The Edge of Things part 3

Edges don’t have to be visual. Working at the edge of something could be a personal limit of some kind. For instance, I’ve been coming to Eigg, a special island in Scotland for over 15 years now, and I think I am looking for something more than what is presented to the typical visitor.

Isle of Rum, shot from Eigg, April 2022. Fuji Velvia 50, 120 roll film.

We have a relationship with the landscape. We talk to it through our camera. When we are trying out different compositions and thinking about how the landscape looks, there is really an inner dialog going on.

We also have sub-relationships with particular landscapes we’ve gotten to know.

Like all relationships, how we interact with a landscape has an ebb and a flow. I think that the more we go back and visit a friend we know, we either settle into a usual groove or pattern of discussing the same subjects, or thought patterns. This can be very similar to how we interact with a landscape we’ve gotten to know well over many visits.

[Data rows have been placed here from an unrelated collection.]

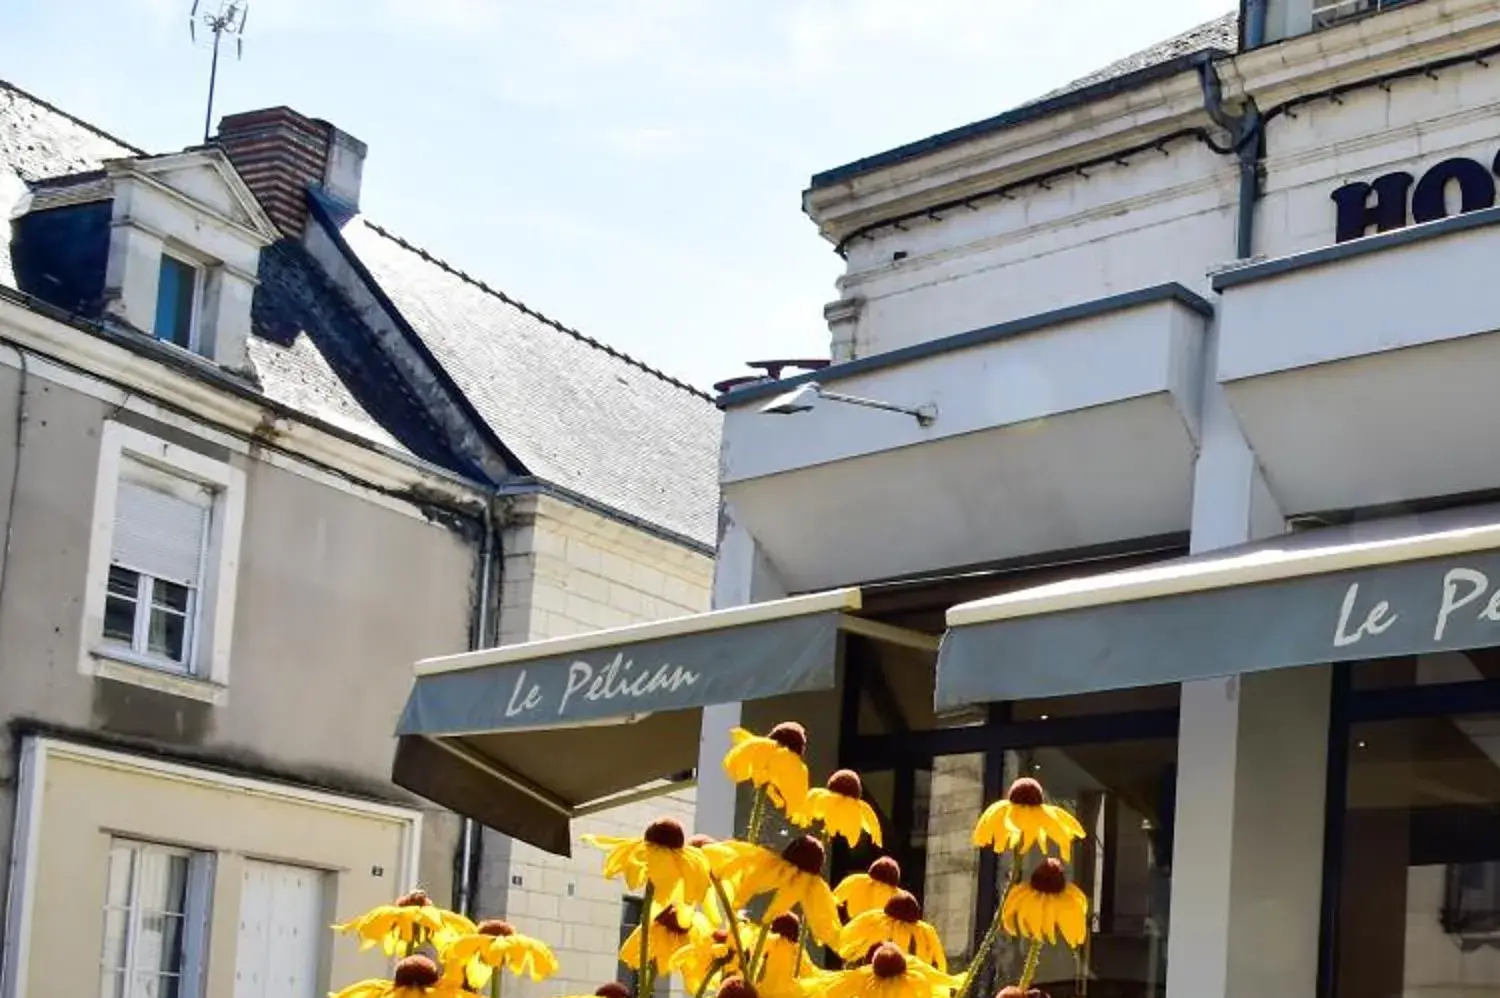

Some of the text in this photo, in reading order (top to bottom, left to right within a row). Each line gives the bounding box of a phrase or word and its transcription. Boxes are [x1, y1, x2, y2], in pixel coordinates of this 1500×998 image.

[1333, 583, 1398, 647] Le
[505, 652, 700, 716] Le Pélican
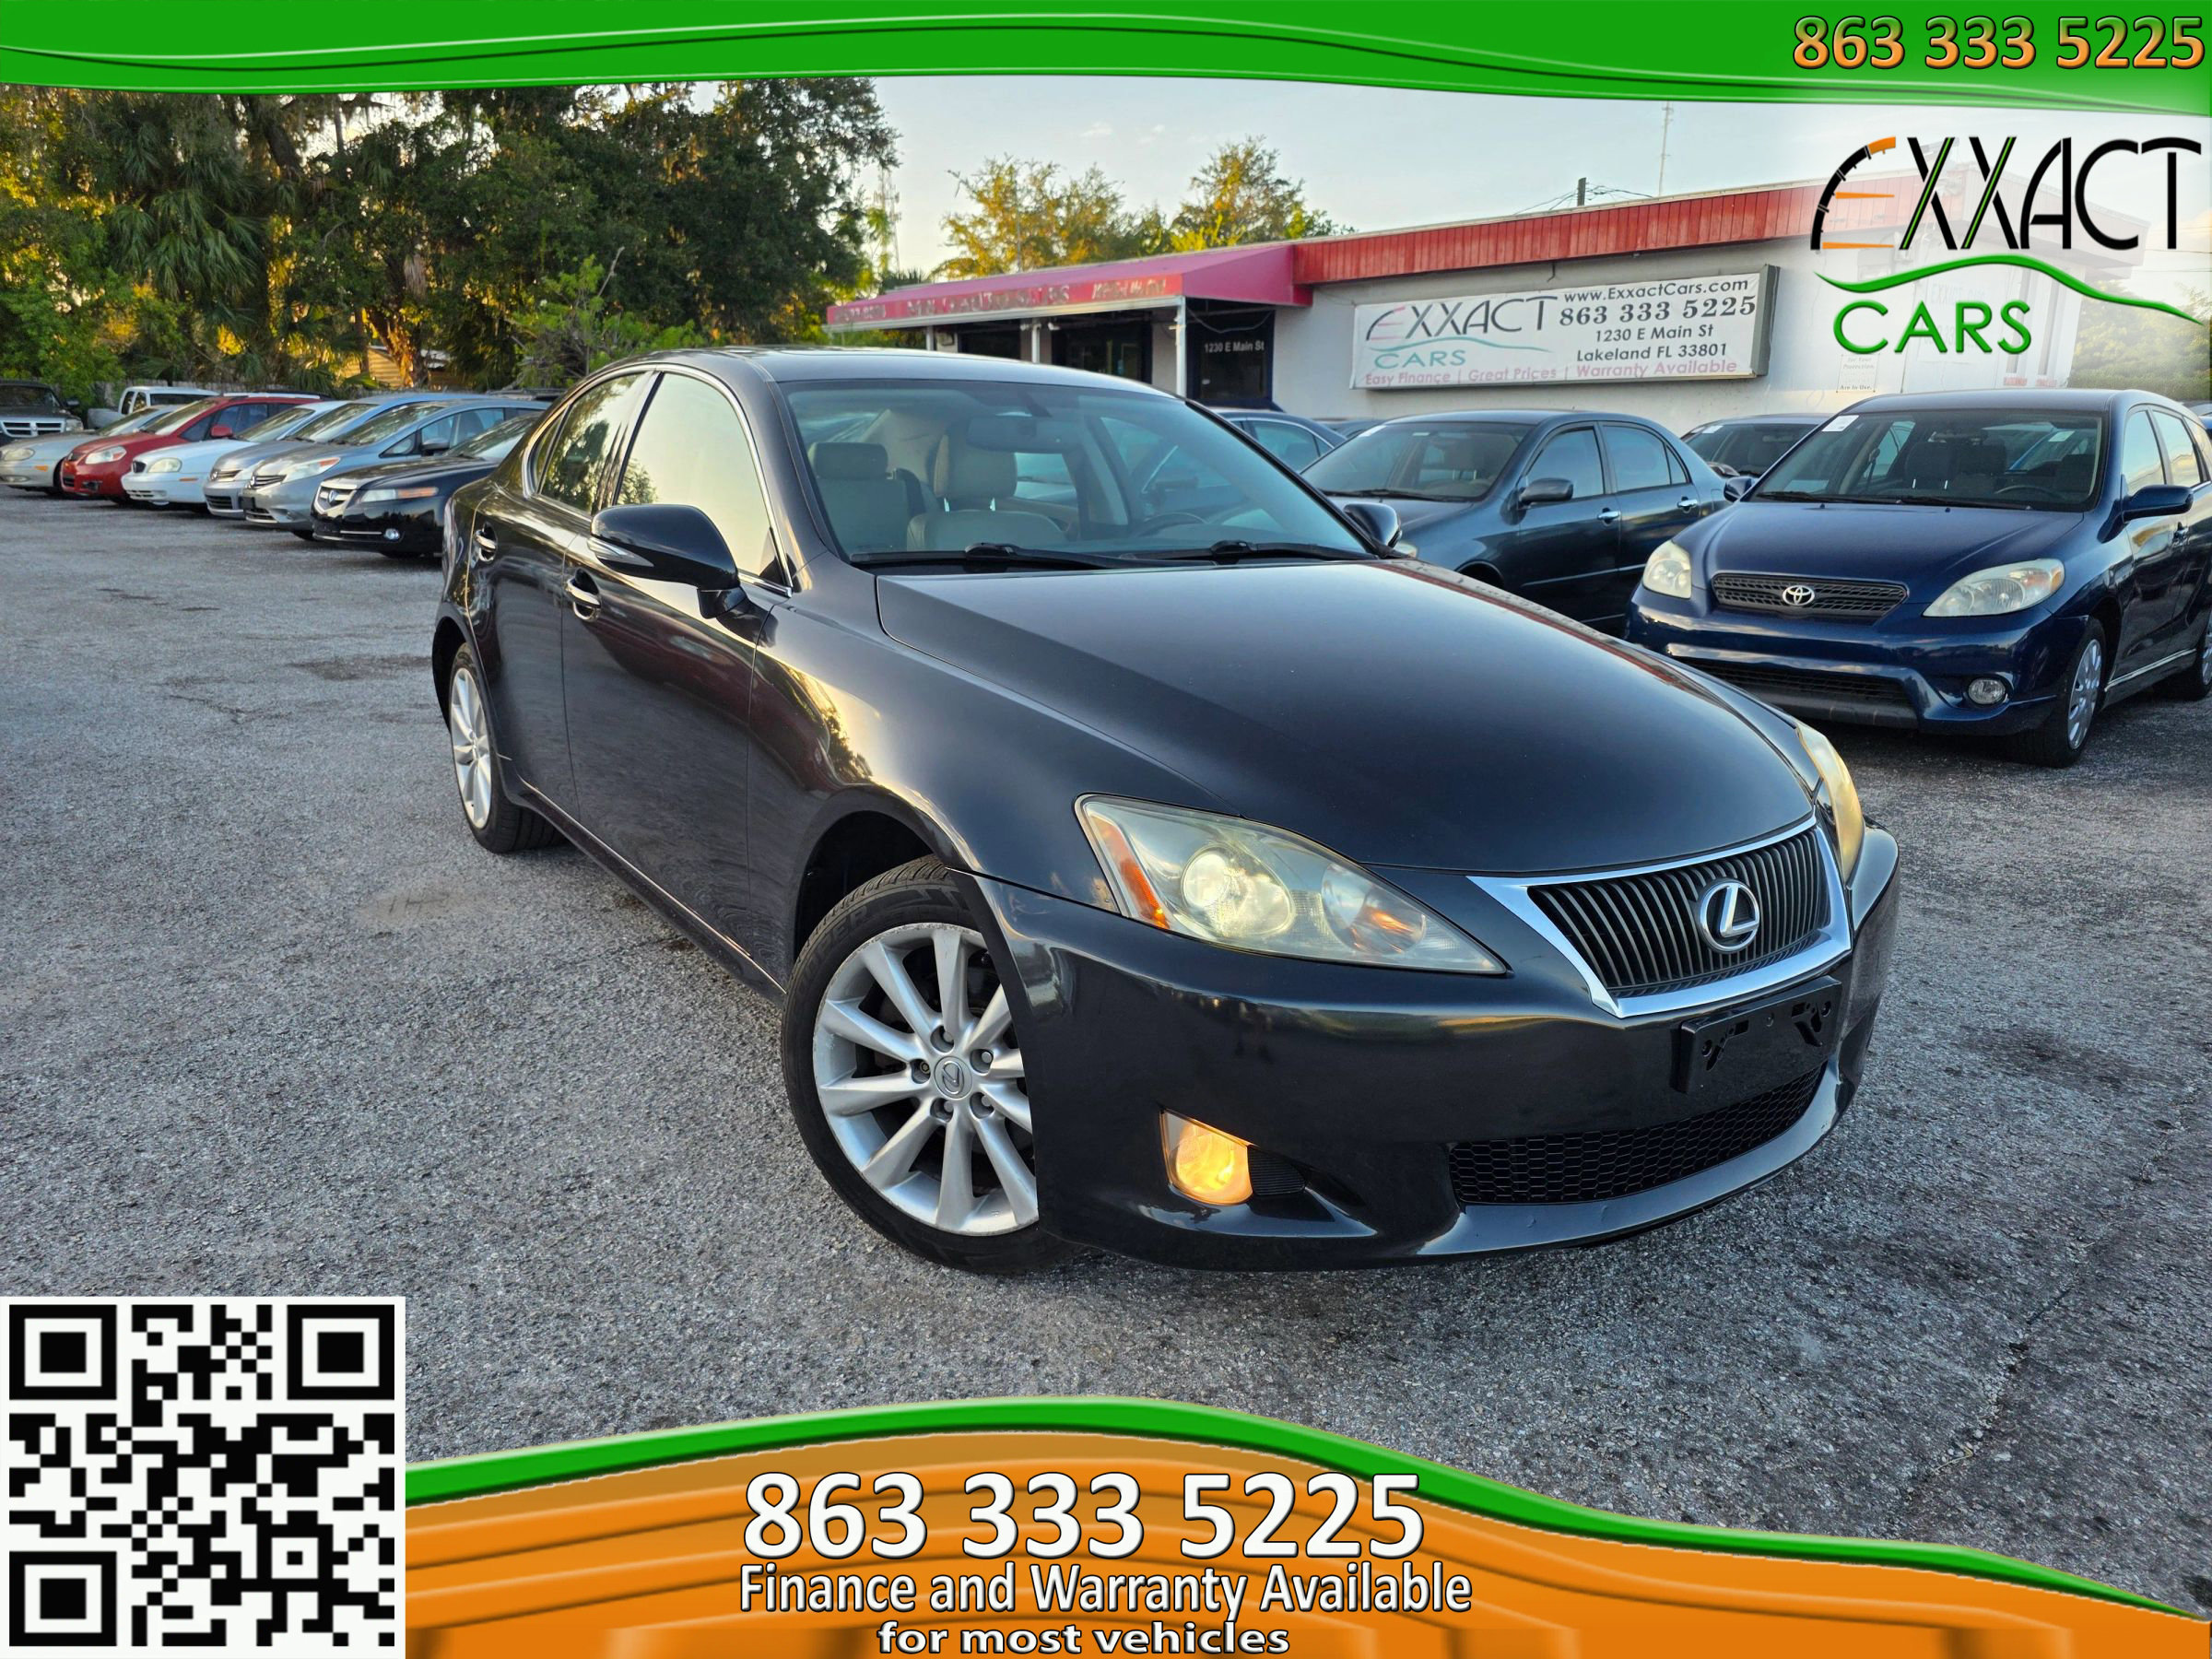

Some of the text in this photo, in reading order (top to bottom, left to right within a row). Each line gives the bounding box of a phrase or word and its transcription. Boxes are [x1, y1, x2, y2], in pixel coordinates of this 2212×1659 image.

[1564, 280, 1748, 302] www.ExxactCars.com
[1366, 296, 1558, 341] EXXACT
[1559, 295, 1756, 325] 863 333 5225
[1595, 324, 1713, 343] 1230 E Main St
[1225, 342, 1231, 352] E
[1233, 341, 1253, 352] Main
[1255, 340, 1265, 350] St
[1577, 343, 1726, 361] Lakeland FL 33801
[1374, 350, 1465, 369] CARS
[1366, 360, 1737, 386] Easy Finance Great Prices Warranty Available

As much as I feel we should never ‘strive’ or ‘push’ to improve on what we do, as any kind of force is just…. well it’s just force (an effort to go against what the universe is presenting us with), there is sometimes this need or feeling to look beyond the obvious.

To see if there is something new that you can find in an old relationship.

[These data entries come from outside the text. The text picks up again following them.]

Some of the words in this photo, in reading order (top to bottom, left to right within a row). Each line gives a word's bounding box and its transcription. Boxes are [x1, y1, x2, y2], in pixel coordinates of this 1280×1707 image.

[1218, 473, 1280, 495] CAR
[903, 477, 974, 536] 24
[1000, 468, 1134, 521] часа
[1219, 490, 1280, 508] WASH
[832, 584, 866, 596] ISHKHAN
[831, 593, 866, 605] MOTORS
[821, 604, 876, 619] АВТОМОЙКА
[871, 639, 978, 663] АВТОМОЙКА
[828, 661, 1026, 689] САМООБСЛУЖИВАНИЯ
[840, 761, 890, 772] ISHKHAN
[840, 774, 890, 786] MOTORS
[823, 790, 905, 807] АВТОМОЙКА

I would perhaps qualify what I’ve just said by saying that rather than ‘looking’, I think we should ‘feel’ or be ‘aware’ of a change within us as we find we now need different things from a familiar relationship.

Eigg is an old friend. It has taught me so much. I’ve seen it twice a year for 14 years now, and it has had so many different faces, yet because I was running a workshop, I never really had the time to make my own pictures (as this should be the case). So I have started to venture there myself this past year and plan to go back next year on my own as well. Because I ‘feel’ there is something more beyond the obvious, and because I feel there is a change within me in terms of what I think it has to offer.

So I do think working at the edge of something can be non-visual. Sometimes it’s as simple as realising there is room to find something beyond the edge of what we currently know of a place.